The termination of an employee, even if the termination was in violation of Nevada public policy does not in itself amount to extreme and outrageous conduct actionable under an intentional infliction of emotional distress theory. See Hirschhorn v. Sizzler Restaurants Intern., Inc., 913 F.Supp. 1393 (D.Nev.1995). “Liability is only found in extreme cases where actions of the defendants go beyond all possible bounds of decency, is atrocious and utterly intolerable.” Id. at 1401 (citing Alam v. Reno Hilton Corp., 819 F.Supp. 905, 911 (D.Nev.1993)). Plaintiff has simply failed to demonstrate such conduct was outrageous especially when he was unaware that disclosing the information to Tech–Tool would result in his termination. Plaintiff was never threatened that he must engage in conduct that he thought was illegal or face disciplinary actions or termination.
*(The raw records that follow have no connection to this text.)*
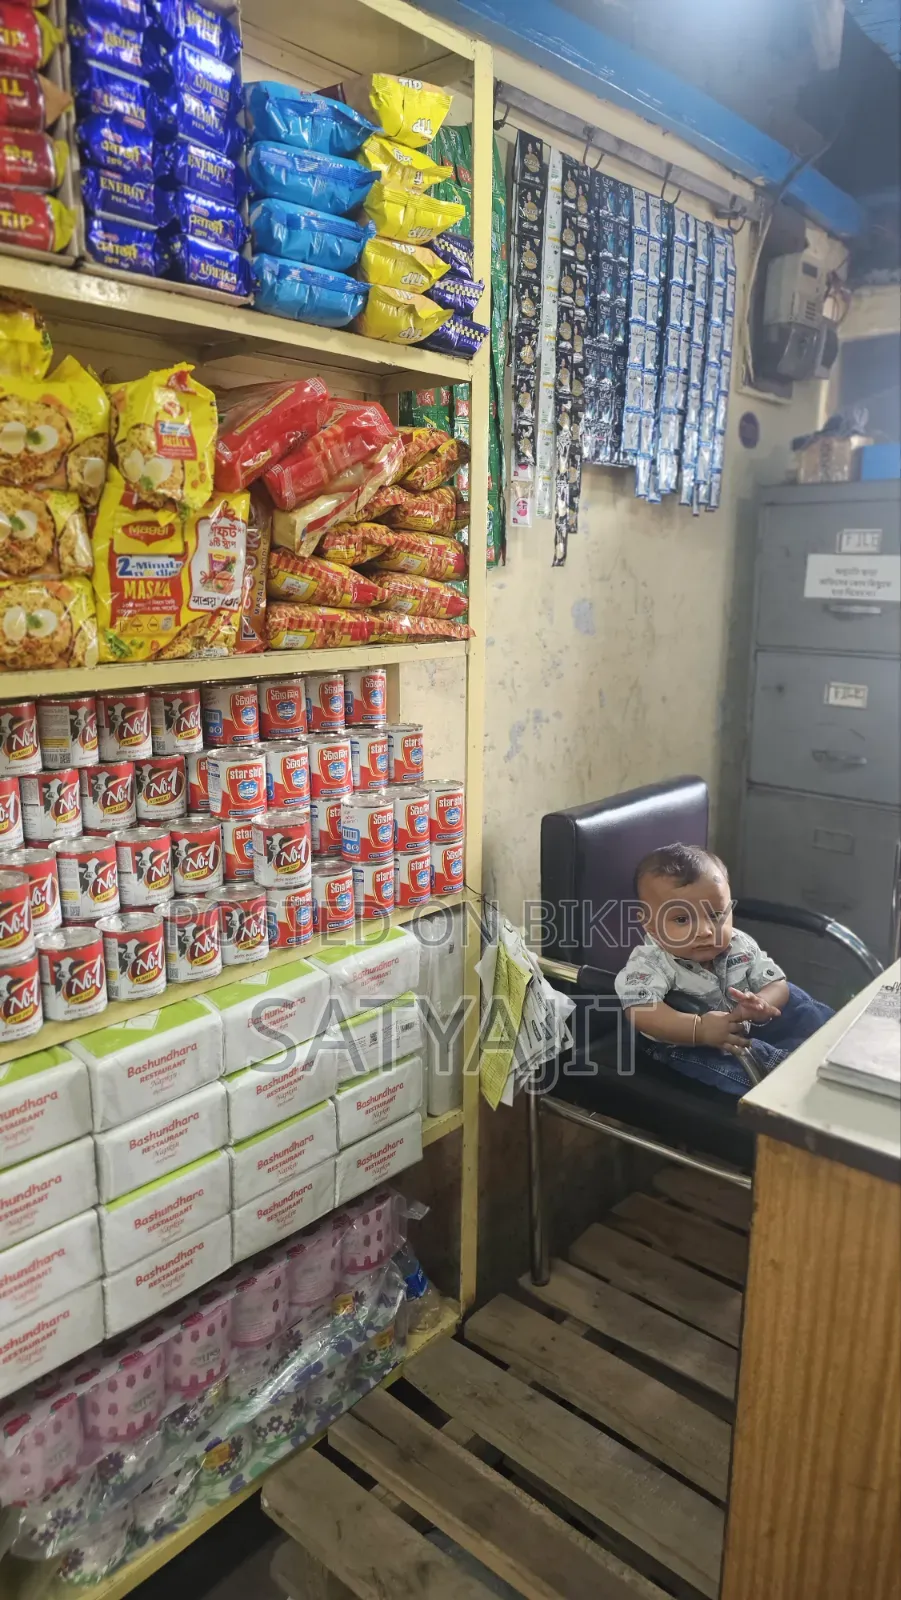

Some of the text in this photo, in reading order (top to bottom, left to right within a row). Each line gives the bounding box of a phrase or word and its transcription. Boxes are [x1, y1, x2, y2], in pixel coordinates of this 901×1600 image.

[188, 153, 227, 179] ENERGY
[100, 176, 145, 200] ENERGY
[129, 525, 169, 537] Maggi
[254, 580, 265, 616] MASALA
[12, 715, 38, 751] No.1
[123, 707, 148, 738] No.1
[404, 737, 417, 748] star
[106, 773, 133, 806] No.1
[149, 767, 178, 798] No.1
[230, 769, 248, 780] star
[0, 790, 16, 825] o.1
[59, 780, 81, 815] No.1
[187, 840, 216, 873] No.1
[280, 834, 306, 867] No.1
[411, 861, 425, 871] star
[195, 920, 218, 957] No.1
[239, 910, 265, 942] No.1
[136, 937, 163, 976] No.1
[72, 954, 102, 995] No.1
[9, 972, 39, 1015] No.1
[127, 1042, 198, 1079] Bashundhara
[140, 1058, 188, 1085] RESTAURANT
[256, 1059, 315, 1096] Bashundhara
[267, 1074, 305, 1099] RESTAURANT
[356, 1082, 404, 1111] Bashundhara
[365, 1095, 397, 1116] RESTAURANT
[129, 1111, 200, 1150] Bashundhara
[141, 1128, 189, 1155] RESTAURANT
[257, 1134, 315, 1170] Bashundhara
[267, 1149, 306, 1174] RESTAURANT
[356, 1137, 404, 1168] Bashundhara
[364, 1151, 397, 1172] RESTAURANT
[0, 1174, 63, 1209] hundhara
[256, 1182, 313, 1220] Bashundhara
[133, 1188, 205, 1230] Bashundhara
[147, 1204, 194, 1233] RESTAURANT
[267, 1197, 304, 1223] RESTAURANT
[0, 1248, 66, 1287] shundhara
[135, 1241, 205, 1287] Bashundhara
[148, 1258, 194, 1289] RESTAURANT
In addition, Plaintiff does not demonstrate, or offer any evidence to show that Defendant's conduct was intentional or with reckless disregard. A mere conclusory statement in the Response that Defendant's conduct “at lease showed reckless disregard for the probability of causing emotional distress to Plaintiff” does not create a genuine issue of material fact.

Considering all evidence in a light most favorable to the Plaintiff and drawing all inferences in his favor the Court finds there are no genuine issues of material fact that Defendant's conduct was so extreme and outrageous or that Defendant acted with intent or reckless disregard to satisfy the first and second elements of a claim for IIED. Accordingly, Defendant's motion for summary judgment on Plaintiff's Fourth Cause of Action for Fourth Cause of Action is GRANTED.

CONCLUSION

IT IS HEREBY ORDERED that Defendant Papillon Airways, Inc. dba Papillon Grand Canyon Helicopters' (hereinafter “Defendant” or “Papillon”) Motion for Summary Judgment (ECF No. 23) is DENIED in part and GRANTED in part.

IT IS FURTHER ORDERED that Defendant's motion for summary judgment is DENIED as to Plaintiff's claim of tortuous discharge in violation of public policy.

IT IS FURTHER ORDERED that Defendant is GRANTED judgment in its favor for Plaintiff's Fourth Cause of Action for Intentional Infliction of Emotional Distress.